Recorded information:
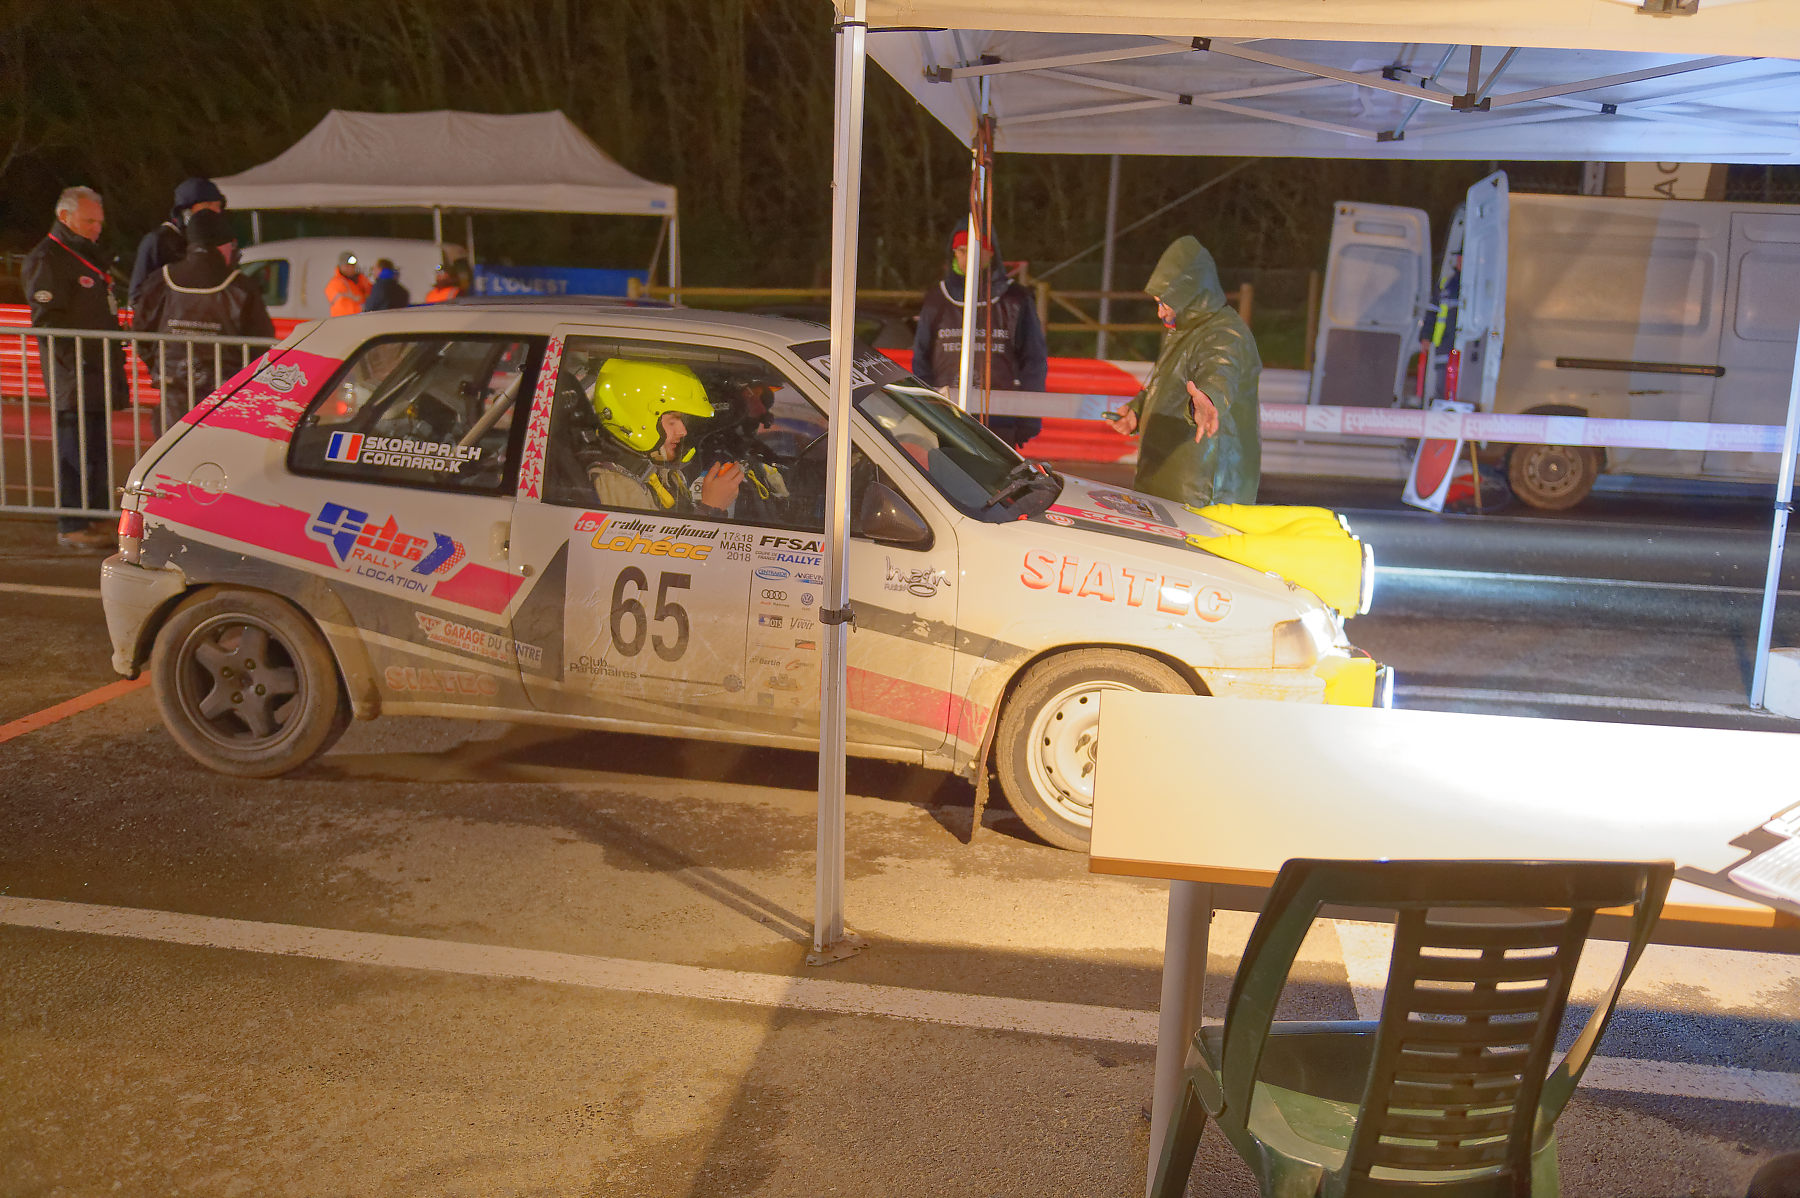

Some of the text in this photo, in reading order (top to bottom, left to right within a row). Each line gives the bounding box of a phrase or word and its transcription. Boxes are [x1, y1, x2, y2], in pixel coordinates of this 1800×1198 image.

[365, 436, 482, 461] SKORUPA.CH
[362, 451, 463, 473] COIGNARD.K
[591, 519, 713, 560] Lohéac
[610, 519, 656, 535] rallye
[659, 524, 719, 540] national
[723, 532, 753, 542] 17&18
[720, 541, 752, 552] MARS
[760, 536, 818, 552] FFSA
[352, 548, 403, 569] RALLY
[726, 552, 751, 562] 2018
[777, 553, 821, 566] RALLYE
[357, 565, 428, 592] LOCATION
[610, 565, 692, 662] 65
[444, 623, 486, 646] GARAGE
[488, 636, 502, 650] DU
[505, 640, 542, 661] CNTRE
[569, 662, 638, 679] Partenaires
[579, 655, 608, 668] Club
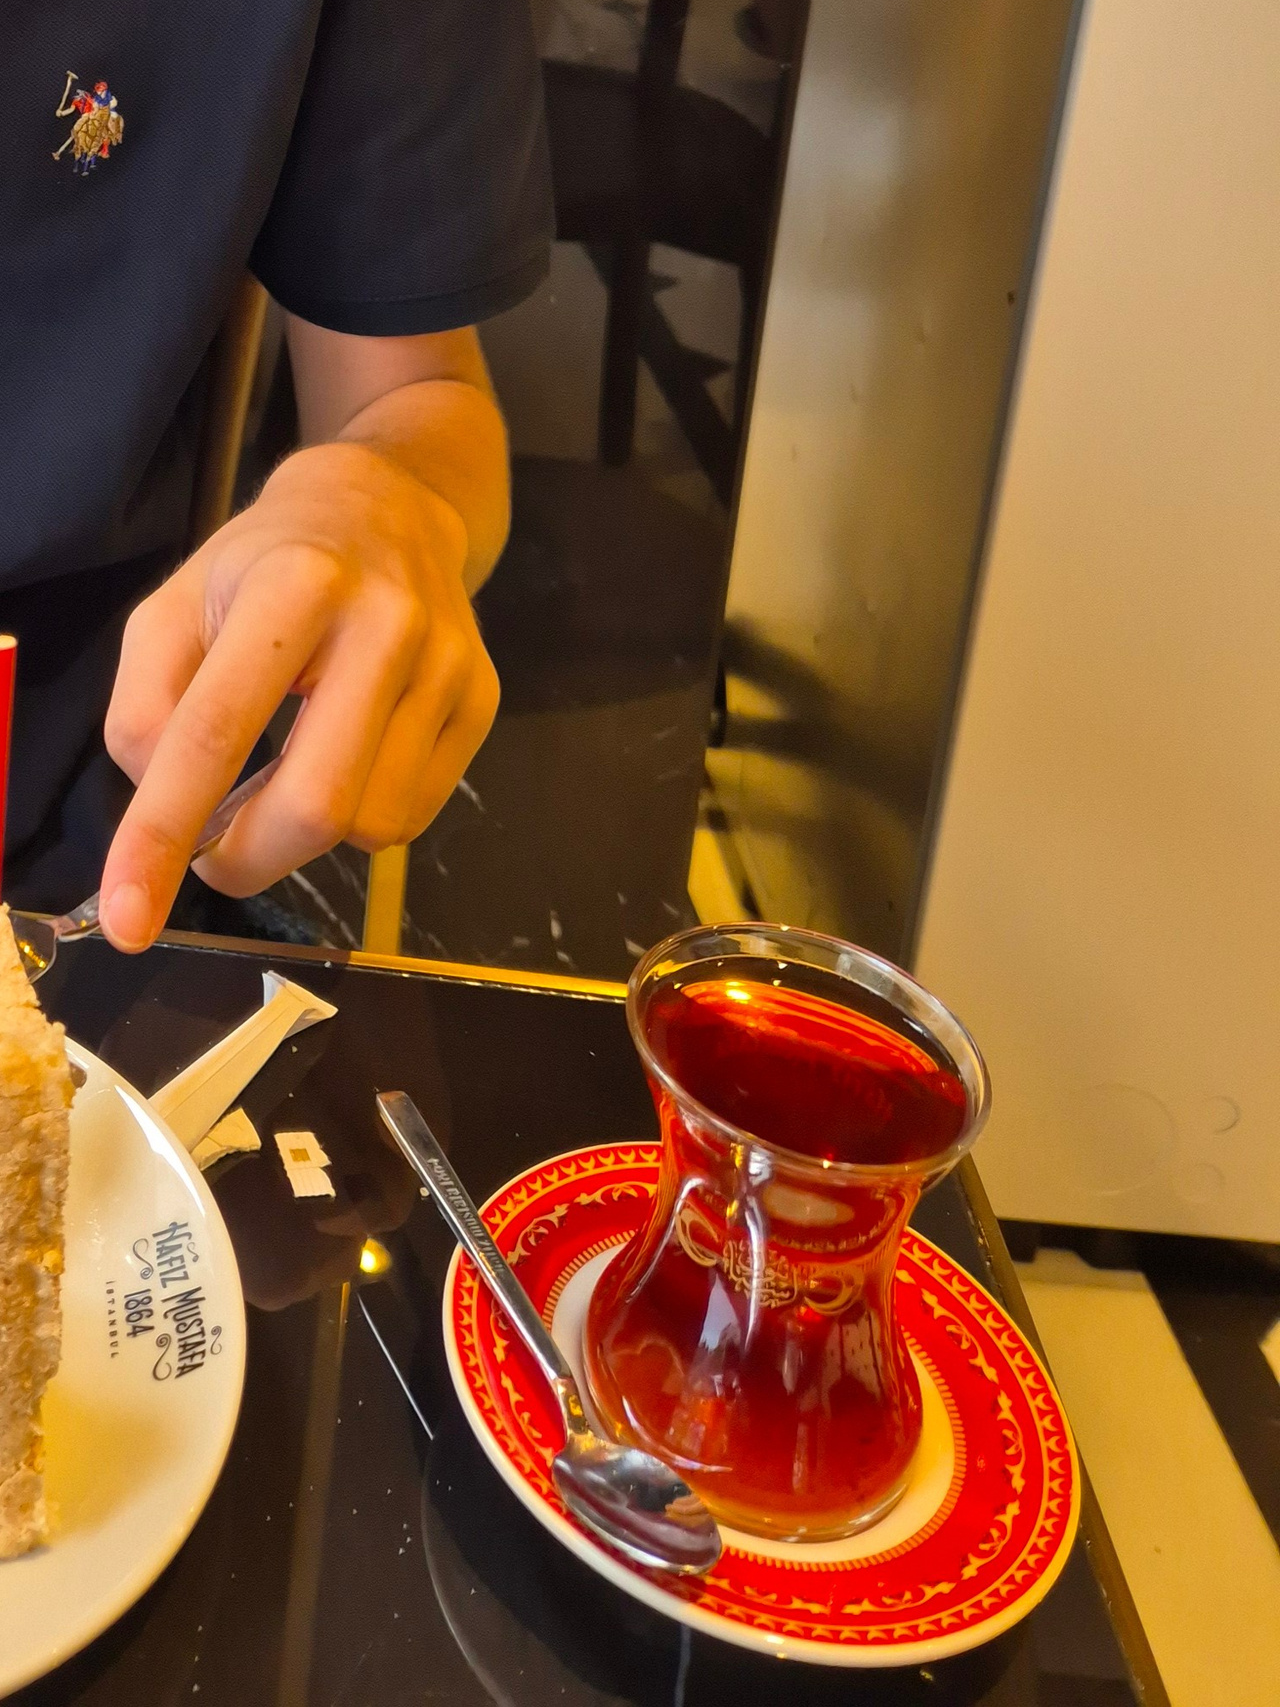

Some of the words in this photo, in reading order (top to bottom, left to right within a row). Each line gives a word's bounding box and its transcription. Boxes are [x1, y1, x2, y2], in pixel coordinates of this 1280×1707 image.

[152, 1221, 193, 1289] HAFIZ
[124, 1288, 155, 1339] 1864
[161, 1286, 207, 1379] MUSTAFA

Action item: The line with "Some of the words", the last line of the data above, and every line between them should be duplicated exactly, with nothing else.

Answer to the exercise:
Some of the words in this photo, in reading order (top to bottom, left to right within a row). Each line gives a word's bounding box and its transcription. Boxes are [x1, y1, x2, y2], in pixel coordinates of this 1280×1707 image.

[152, 1221, 193, 1289] HAFIZ
[124, 1288, 155, 1339] 1864
[161, 1286, 207, 1379] MUSTAFA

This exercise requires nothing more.